Innovative Treatment Could Help Solve Global Public Health Crisis
By Amy Quinton on September 17, 2018 in Human & Animal Health
***WARNING: contains graphic burn images***
JAMIE PEYTON SNAPPED AN INSTAGRAM PHOTO of herself while aboard an airplane headed to England in May. In her hand, she held a tiny, stuffed horse wearing a University of California, Davis, T-shirt.
It was the perfect photo for the mission. The UC Davis integrative medicine veterinarian had been called to save a real horse. An 18-month-old gypsy cob pony had been found abandoned and starving in a field in Yorkshire. That wasn’t the worst of it.
Her face was horrifically scarred with oozing wounds from extensive third-degree chemical burns. The injuries left her unable to open her eyes.
“It appears to have been a malicious attack,” Peyton said. “It’s as though someone had poured acid on the top of her head and it dripped down her face to her mouth.”

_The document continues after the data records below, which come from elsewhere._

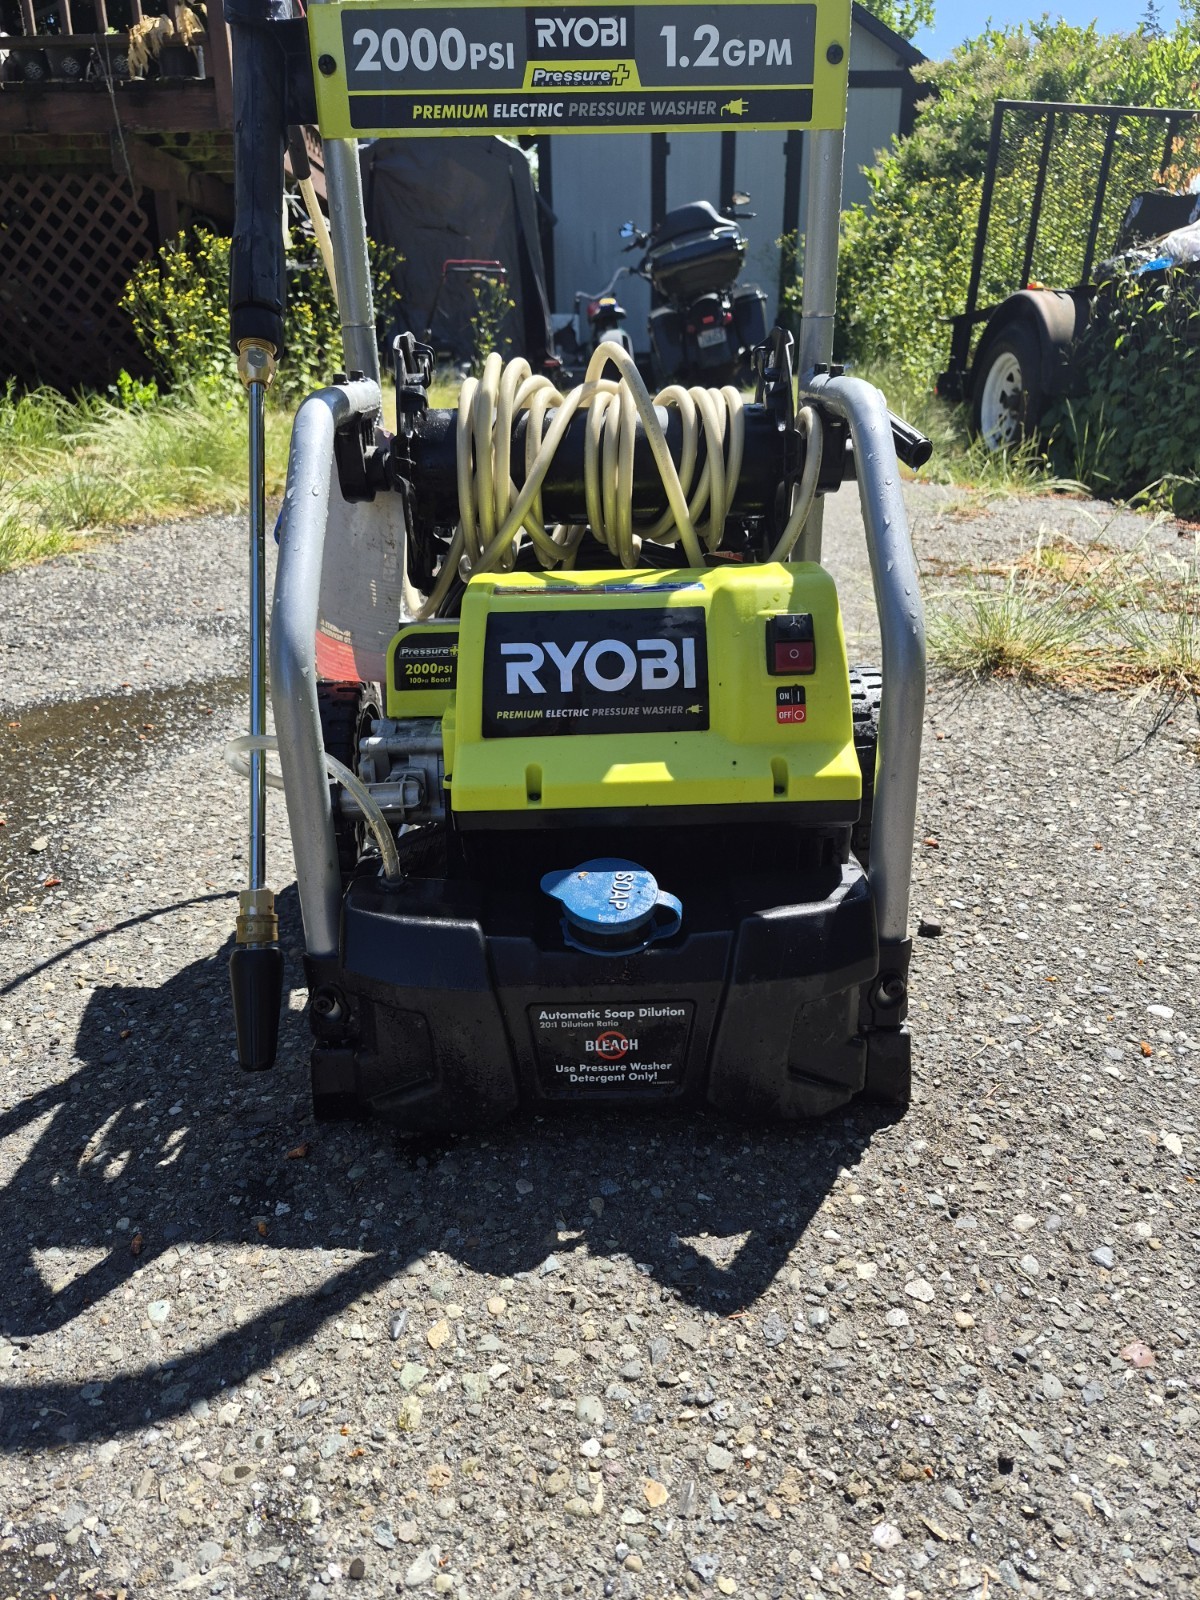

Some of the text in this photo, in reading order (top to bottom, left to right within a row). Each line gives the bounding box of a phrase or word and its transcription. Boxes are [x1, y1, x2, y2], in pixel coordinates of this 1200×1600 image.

[534, 17, 627, 48] RYOBI
[353, 27, 515, 72] 2000PSI
[412, 100, 717, 119] PREMIUM ELECTRIC PRESSURE WASHER
[405, 662, 453, 675] 2000PSI
[500, 637, 697, 695] RYOBI
[779, 692, 790, 700] ON
[496, 705, 684, 719] PREMIUM ELECTRIC PRESSURE WASHER
[778, 711, 792, 719] OFF
[609, 871, 635, 911] SOAP
[539, 1007, 686, 1020] Automatic Soap Dilution
[585, 1038, 639, 1052] BLEACH
[555, 1061, 672, 1073] Use Pressure Washer
[569, 1071, 658, 1084] Detergent Only!
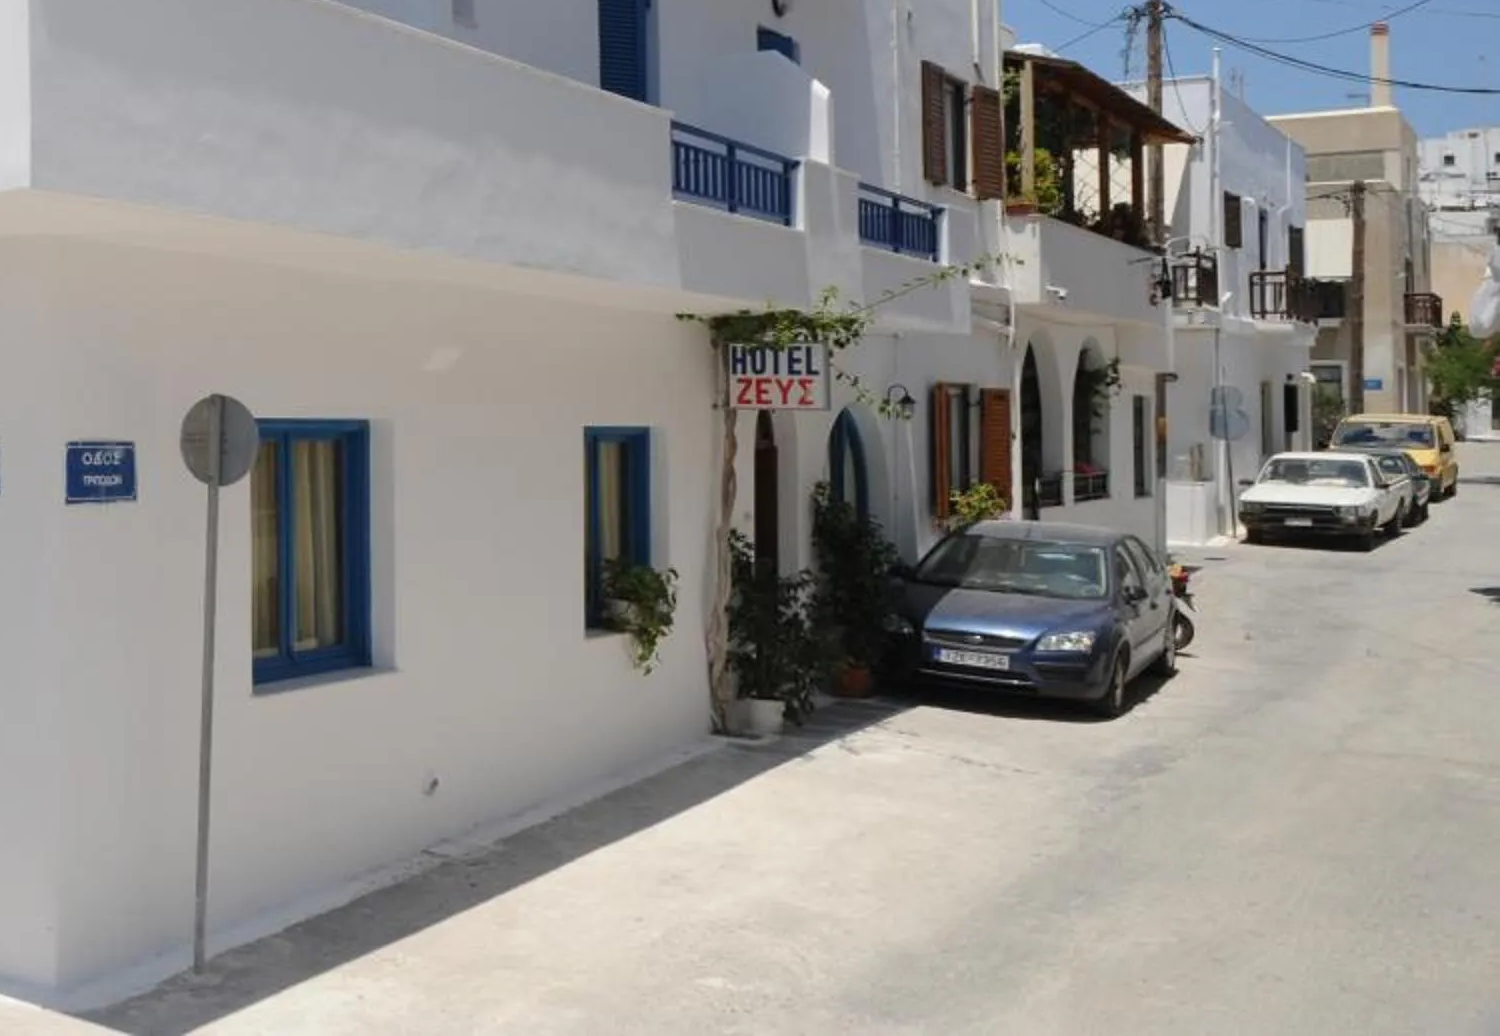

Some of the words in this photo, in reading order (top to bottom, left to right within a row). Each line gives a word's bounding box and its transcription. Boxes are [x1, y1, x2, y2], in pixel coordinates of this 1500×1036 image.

[731, 346, 819, 375] HOTEL
[737, 378, 814, 404] ΖΕΥΣ
[81, 452, 122, 466] ΟΔΟΣ

A good Samaritan had brought the pony to local veterinarians who had heard about Peyton’s successful use of tilapia fish skins to heal a mountain lion and two black bears burned during the California wildfires last fall. Veterinarians in Yorkshire thought the novel treatment might work on the pony.
Within a few days, Peyton was on a plane to help. She carried with her a cooler full of sterilized tilapia skins that would eventually act as a healing biological bandage for the pony.

Little fish face
The torture and neglect that the pony had suffered was just horrid. She was skinny, lice-infested, had overgrown hooves, bad teeth, and a bleeding face. The overgrown hooves prompted vet technicians to name her Cinderella or “Cinders” for short, as she would soon get new shoes and become more like a princess.
“She didn’t want anyone touching her face,” Peyton said.
She and the Yorkshire team went to work cleaning the burns, removing dead tissue and applying ointments to ease the pain. Treatments such as cold laser therapy and pulsed electromagnetic field therapy were also applied.